Task: Every line of the listing below should come back exactly as written, with no images.

====== Record extracts

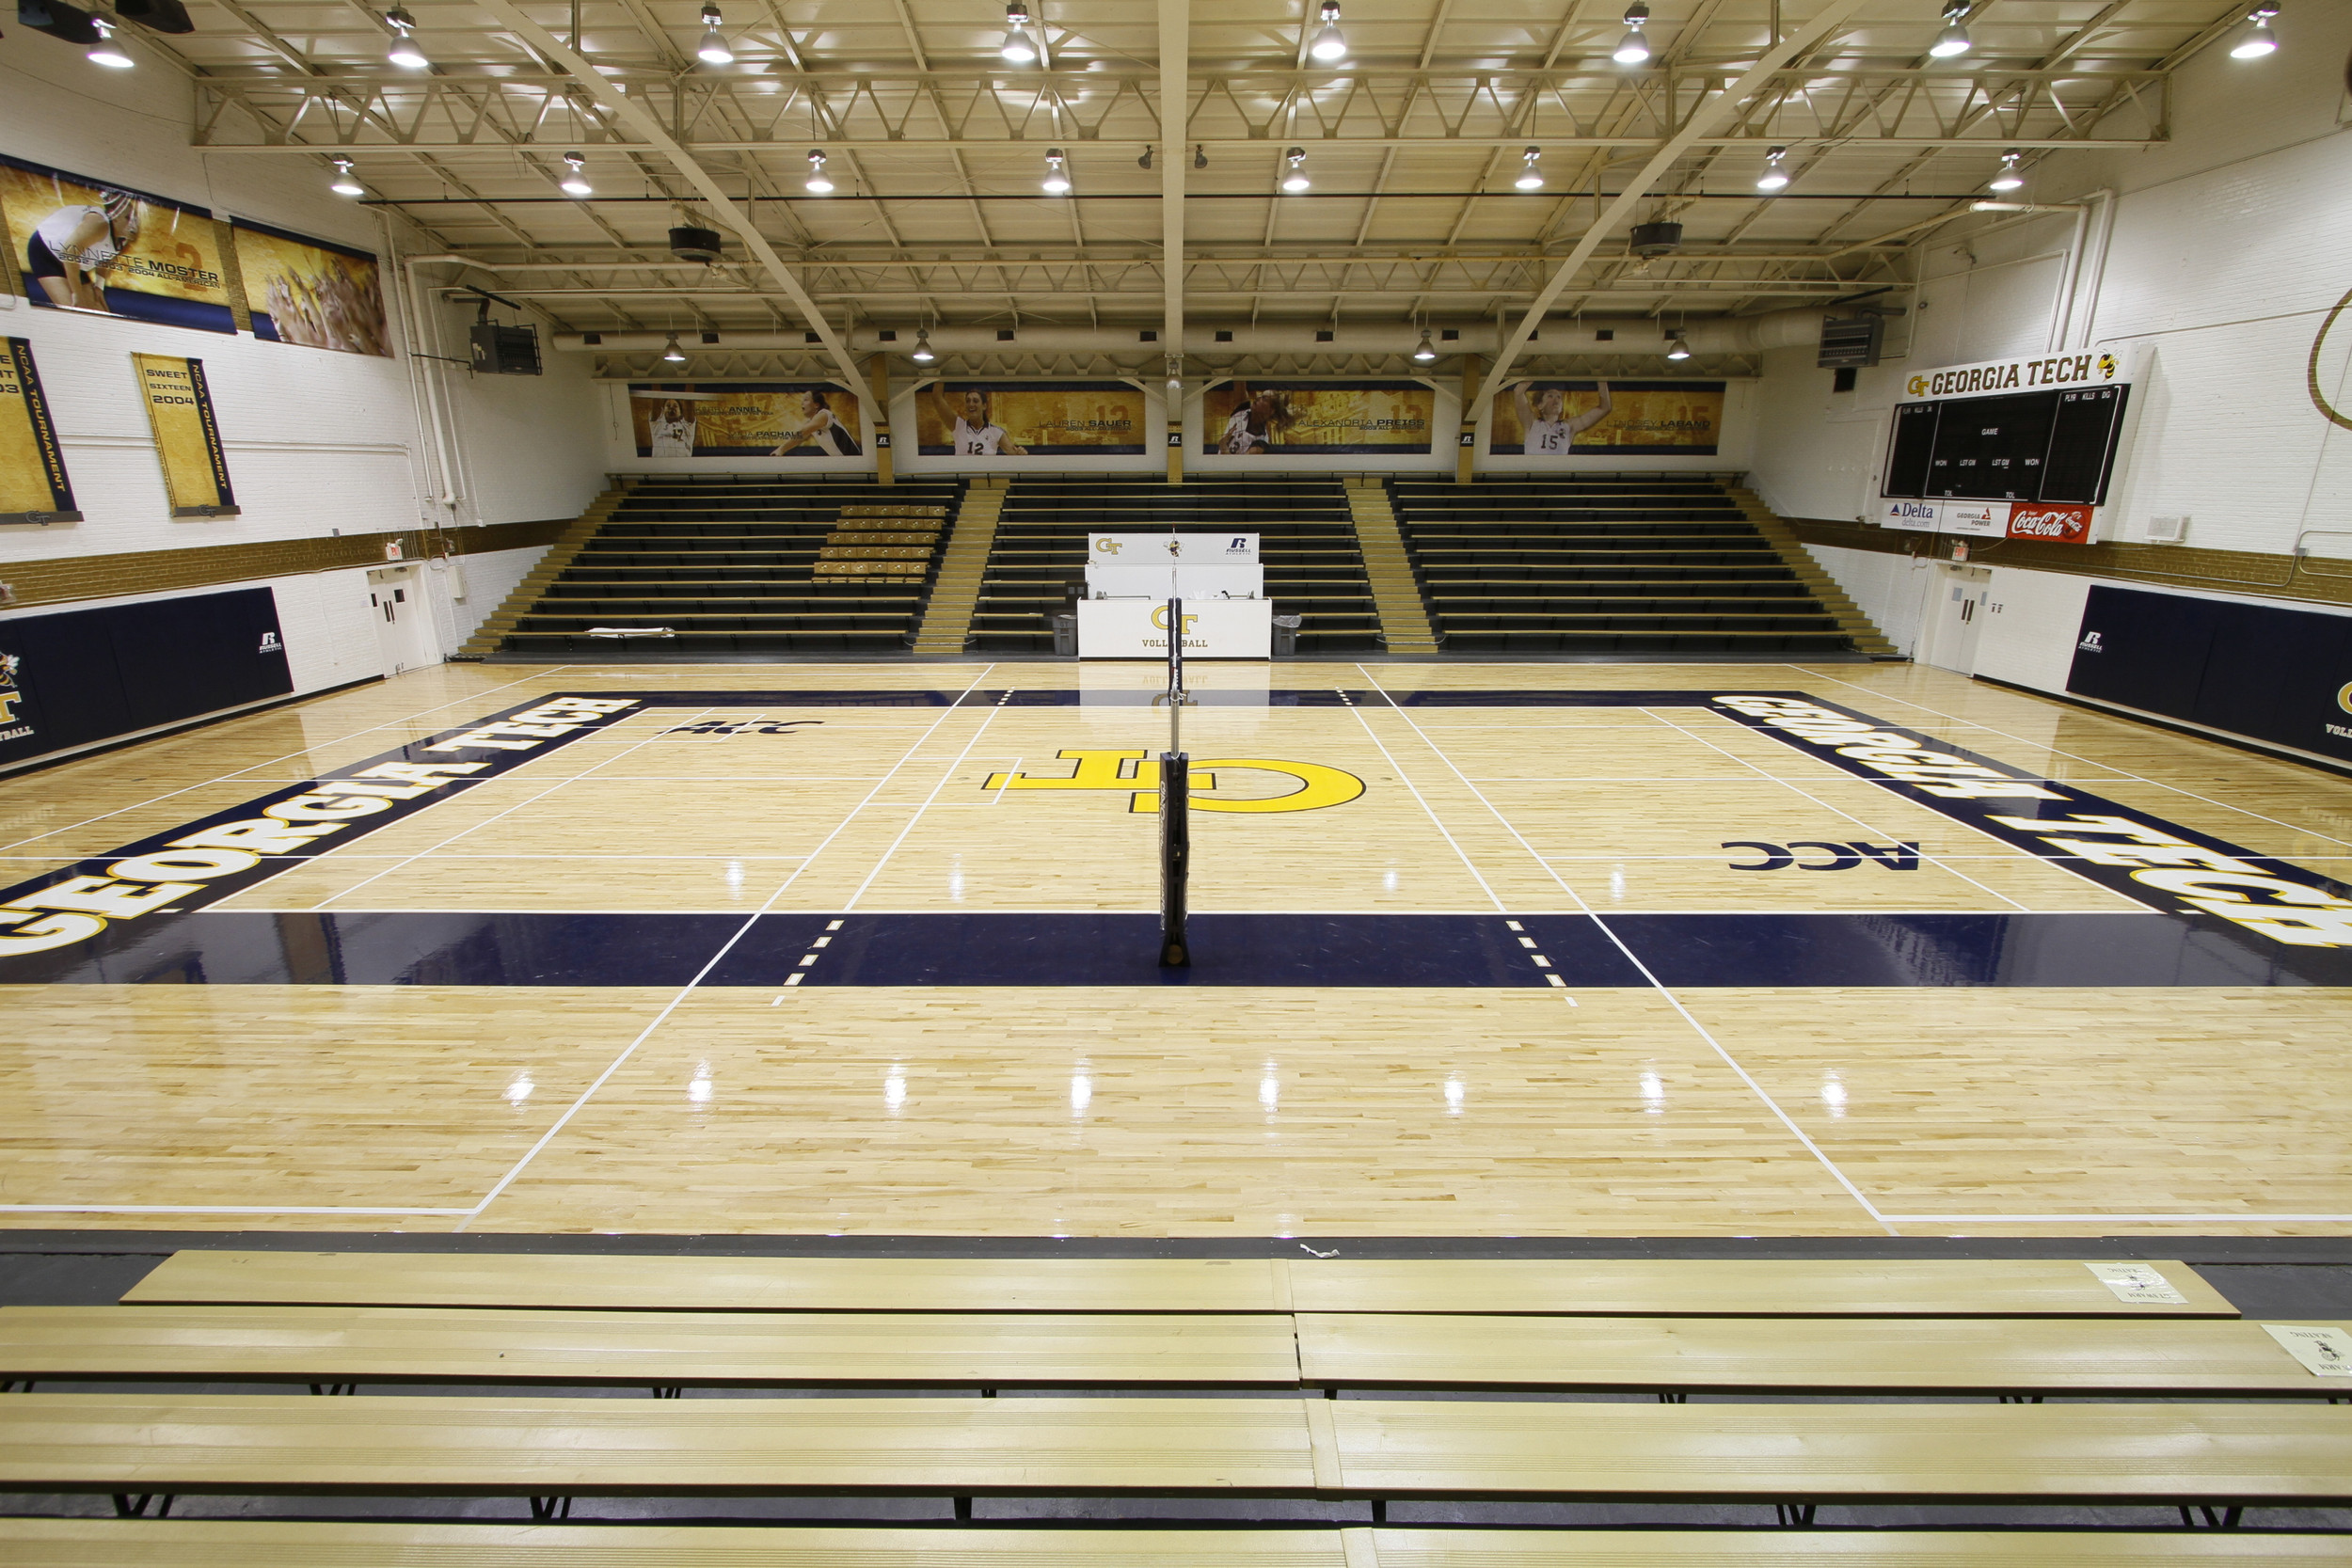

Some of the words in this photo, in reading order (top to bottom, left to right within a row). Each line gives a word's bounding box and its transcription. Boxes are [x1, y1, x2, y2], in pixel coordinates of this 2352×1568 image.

[49, 240, 143, 268] LYNNETTE
[149, 261, 218, 281] MOSTER
[128, 268, 154, 277] 2004
[157, 273, 220, 289] ALL-AMERICAN
[17, 345, 35, 386] NCAA
[146, 369, 188, 379] SWEET
[193, 364, 205, 399] NCAA
[1907, 374, 1930, 397] GT
[1931, 364, 2019, 395] GEORGIA
[2027, 354, 2092, 386] TECH
[150, 383, 192, 391] SIXTEEN
[2082, 392, 2095, 401] KILLS
[2102, 390, 2111, 399] DIG
[152, 395, 195, 405] 2004
[30, 388, 66, 492] TOURNAMENT
[201, 401, 227, 489] TOURNAMENT
[967, 441, 984, 455] 12
[1541, 434, 1558, 450] 15
[1901, 502, 1933, 518] Delta
[1901, 518, 1931, 528] delta.com
[2011, 510, 2068, 537] Coca-Cola
[1096, 538, 1122, 555] GT
[2079, 641, 2103, 650] RUSSELL
[655, 721, 825, 734] ACC
[0, 762, 491, 957] GEORGIA
[421, 697, 643, 752] TECH
[1712, 695, 2074, 801] GEORGIA
[1984, 814, 2352, 948] TECH
[1721, 841, 1919, 871] ACC
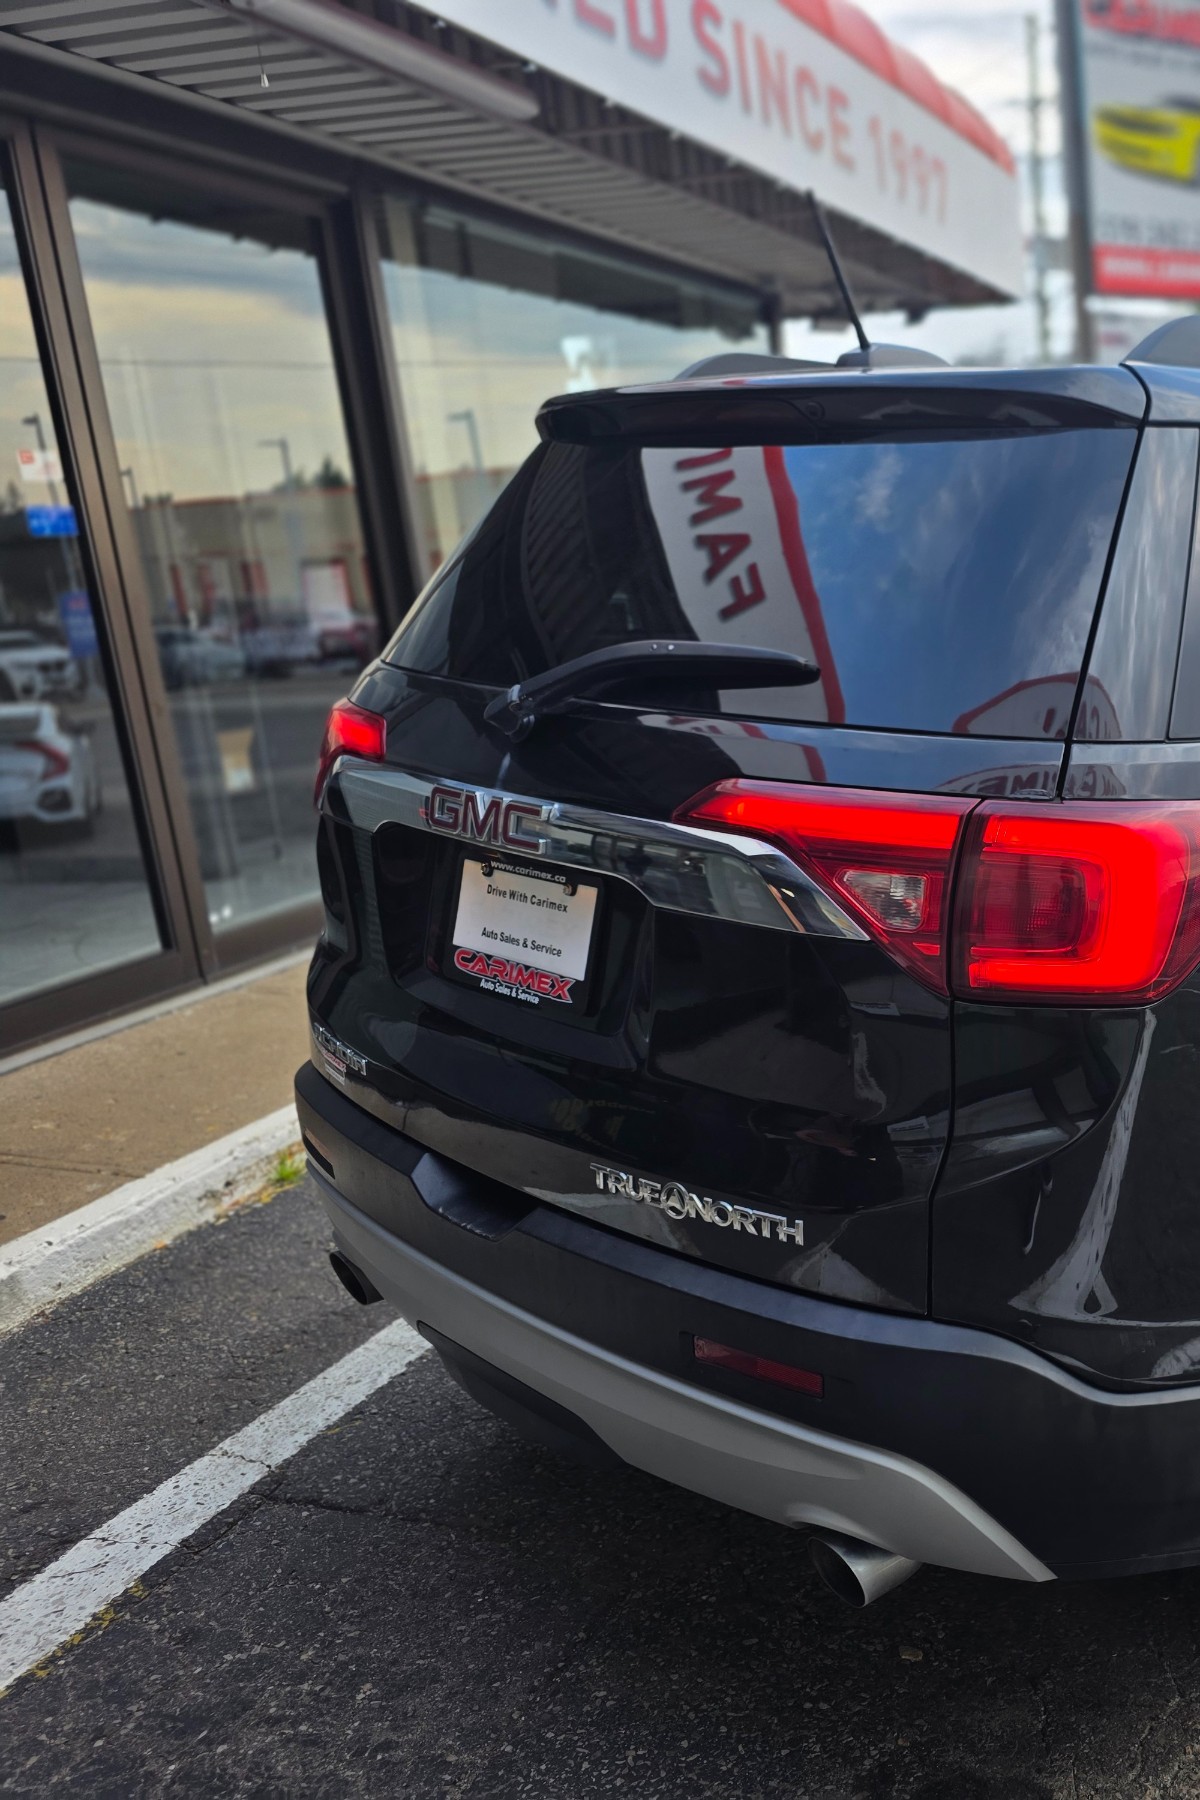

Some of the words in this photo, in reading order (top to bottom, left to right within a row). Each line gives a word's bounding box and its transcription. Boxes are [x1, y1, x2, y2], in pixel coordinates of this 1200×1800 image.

============

Reply:
Some of the words in this photo, in reading order (top to bottom, left to right within a row). Each line gives a word's bounding box and its transcription. Boxes are [x1, y1, x2, y2], in pixel coordinates of this 2352×1568 image.

[49, 240, 143, 268] LYNNETTE
[149, 261, 218, 281] MOSTER
[128, 268, 154, 277] 2004
[157, 273, 220, 289] ALL-AMERICAN
[17, 345, 35, 386] NCAA
[146, 369, 188, 379] SWEET
[193, 364, 205, 399] NCAA
[1907, 374, 1930, 397] GT
[1931, 364, 2019, 395] GEORGIA
[2027, 354, 2092, 386] TECH
[150, 383, 192, 391] SIXTEEN
[2082, 392, 2095, 401] KILLS
[2102, 390, 2111, 399] DIG
[152, 395, 195, 405] 2004
[30, 388, 66, 492] TOURNAMENT
[201, 401, 227, 489] TOURNAMENT
[967, 441, 984, 455] 12
[1541, 434, 1558, 450] 15
[1901, 502, 1933, 518] Delta
[1901, 518, 1931, 528] delta.com
[2011, 510, 2068, 537] Coca-Cola
[1096, 538, 1122, 555] GT
[2079, 641, 2103, 650] RUSSELL
[655, 721, 825, 734] ACC
[0, 762, 491, 957] GEORGIA
[421, 697, 643, 752] TECH
[1712, 695, 2074, 801] GEORGIA
[1984, 814, 2352, 948] TECH
[1721, 841, 1919, 871] ACC

Some of the words in this photo, in reading order (top to bottom, left to right within a row). Each line gives a word's bounding box and its transcription. Boxes are [x1, y1, x2, y2], in pixel coordinates of this 1200×1800 image.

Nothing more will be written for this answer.